EXERCISE —
Write out the entries exactly, pictures excluded.

Segment Start: RECORDED DATA

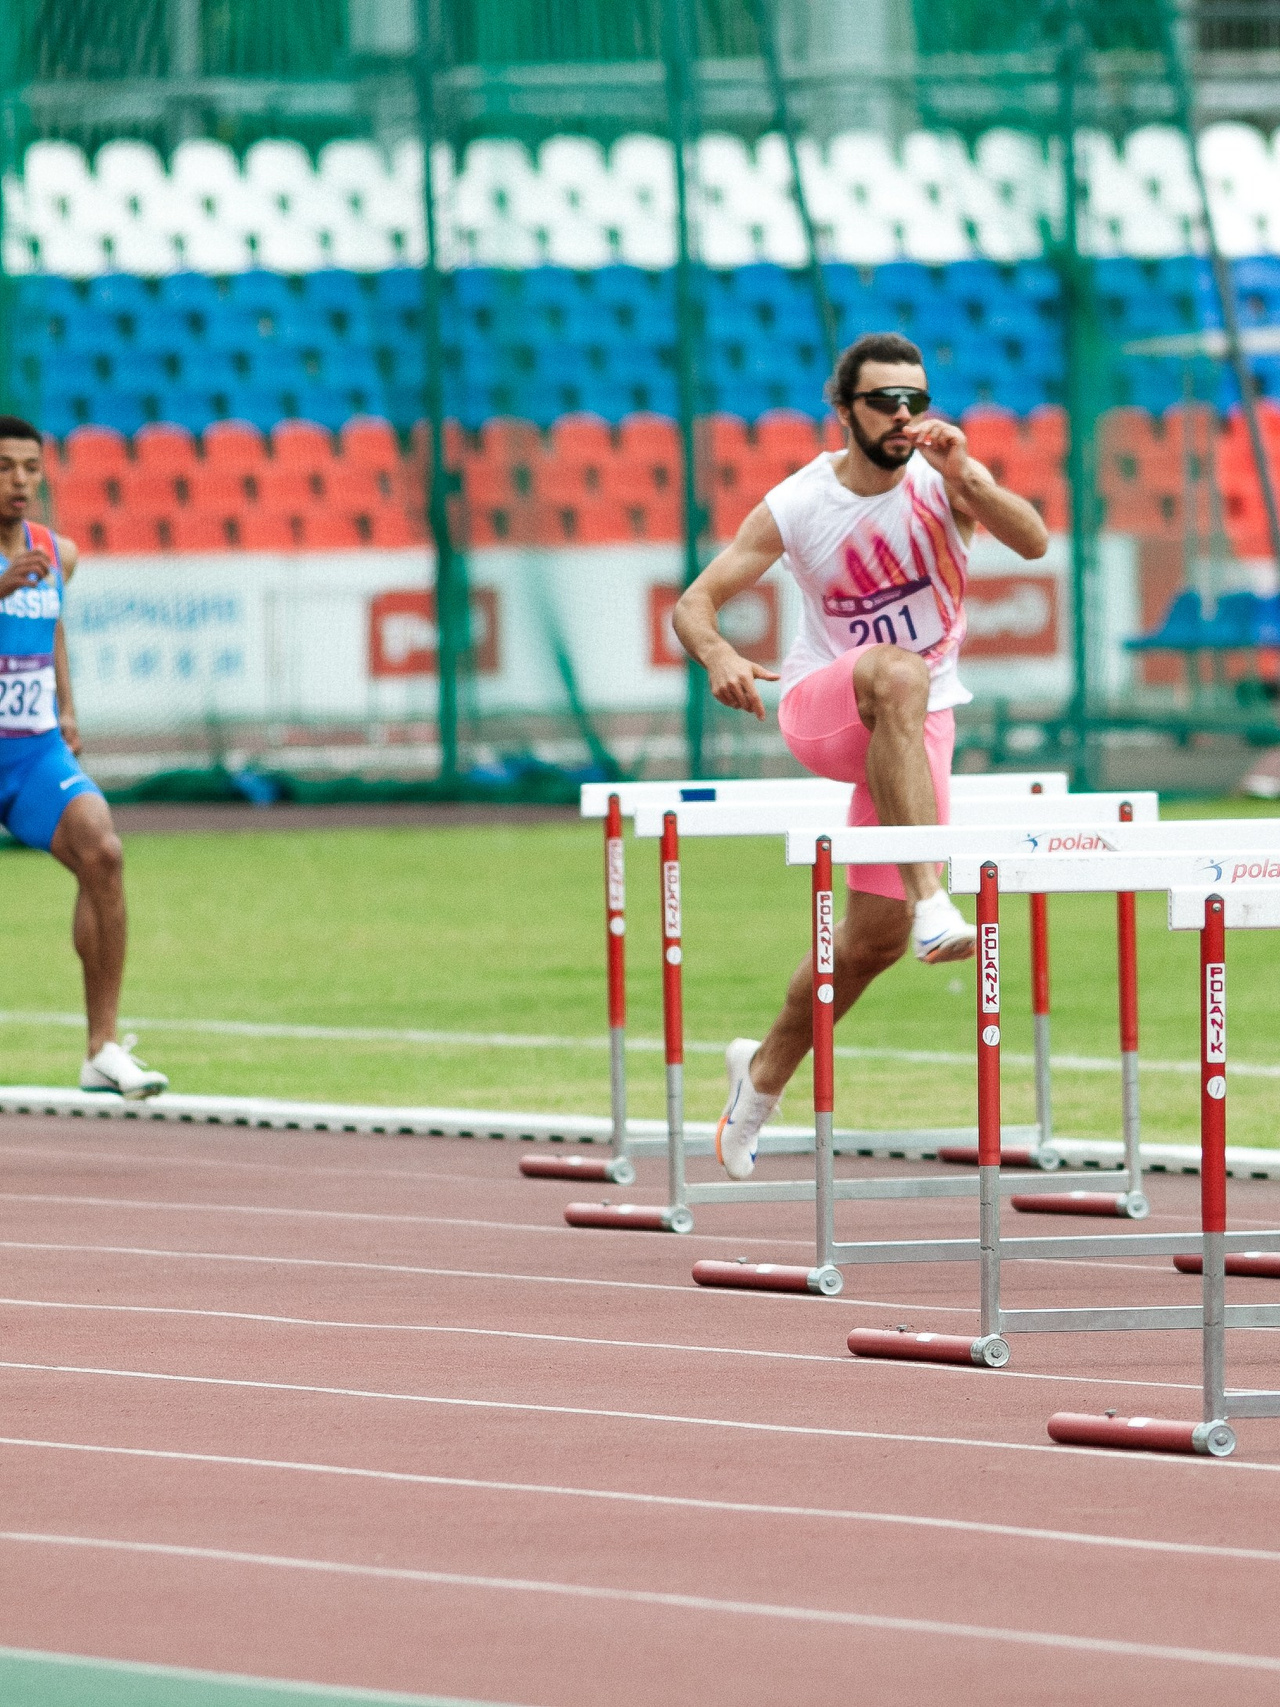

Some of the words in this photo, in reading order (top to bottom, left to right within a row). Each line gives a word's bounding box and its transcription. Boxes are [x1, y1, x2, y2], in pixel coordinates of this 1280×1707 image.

[849, 604, 918, 647] 201
[819, 894, 832, 966] POLANIK
[984, 926, 998, 1005] POLANIK
[1209, 967, 1224, 1054] POLANIK

Segment End: RECORDED DATA

ANSWER TO THE EXERCISE —
Some of the words in this photo, in reading order (top to bottom, left to right within a row). Each line gives a word's bounding box and its transcription. Boxes are [x1, y1, x2, y2], in pixel coordinates of this 1280×1707 image.

[849, 604, 918, 647] 201
[819, 894, 832, 966] POLANIK
[984, 926, 998, 1005] POLANIK
[1209, 967, 1224, 1054] POLANIK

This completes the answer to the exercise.